New Jersey requires a Journeyman Electrician license to perform electrical work independently. Getting it means passing a state exam and documenting qualifying work experience, usually through a completed apprenticeship. To run an electrical contracting business, you need an Electrical Contractor Business Permit on top of the journeyman credential. A master electrician license is a separate, higher-level credential that opens additional project types and improves your earning potential.
Which parts of New Jersey pay electricians the most?
Northern New Jersey — Bergen, Essex, Hudson, and Union counties — generally runs highest due to proximity to the New York metro, high prevailing wage job density, and project volume. The Route 1 corridor through Middlesex and Somerset counties is also strong, driven by pharma, data centers, and logistics facilities. Southern New Jersey and shore communities trend closer to or below the statewide median of $77,250, though seasonal construction work can create short-term demand spikes.

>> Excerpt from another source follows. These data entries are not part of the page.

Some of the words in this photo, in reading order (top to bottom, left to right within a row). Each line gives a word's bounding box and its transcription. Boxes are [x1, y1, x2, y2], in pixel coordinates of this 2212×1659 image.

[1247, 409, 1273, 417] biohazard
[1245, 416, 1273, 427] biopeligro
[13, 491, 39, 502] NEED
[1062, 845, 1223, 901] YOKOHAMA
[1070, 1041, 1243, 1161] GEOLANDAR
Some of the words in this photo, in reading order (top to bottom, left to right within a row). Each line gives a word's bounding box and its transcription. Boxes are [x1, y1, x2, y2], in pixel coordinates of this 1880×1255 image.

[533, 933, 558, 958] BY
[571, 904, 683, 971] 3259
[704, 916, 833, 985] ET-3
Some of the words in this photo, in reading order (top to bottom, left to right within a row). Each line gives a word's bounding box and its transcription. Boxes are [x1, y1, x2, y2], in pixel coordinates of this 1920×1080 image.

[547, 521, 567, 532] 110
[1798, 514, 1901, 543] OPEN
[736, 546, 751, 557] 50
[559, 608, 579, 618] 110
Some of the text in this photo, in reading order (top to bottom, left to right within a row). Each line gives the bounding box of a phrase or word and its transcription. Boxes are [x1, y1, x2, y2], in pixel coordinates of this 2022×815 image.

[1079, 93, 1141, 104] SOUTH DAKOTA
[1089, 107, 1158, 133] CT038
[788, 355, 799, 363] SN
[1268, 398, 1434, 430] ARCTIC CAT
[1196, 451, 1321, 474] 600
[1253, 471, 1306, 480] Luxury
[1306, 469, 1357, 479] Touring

What specializations push New Jersey electrician pay toward the top of the range?
Industrial and data center work are the clearest paths to the upper end. Electricians with PLC, high-voltage, or automation experience are in demand at the state's chemical and pharmaceutical plants. Data center construction in northern and central Jersey also commands a premium for workers with low-voltage and fiber credentials. Solar installation and EV charging infrastructure are growing segments. Each additional endorsement or specialty expands the jobs you can bid and the rate you can command.
What do the BLS figures leave out that affects real total compensation?
The BLS OEWS numbers capture wage and salary pay only. They exclude employer-paid health insurance, pension or annuity contributions, and other benefits — all of which can add thousands of dollars a year in effective compensation. Self-employed electrical contractors are also outside the dataset, so their earnings, which vary widely with business volume, are not reflected. When comparing offers or negotiating pay, factor in the full benefits package alongside the base wage.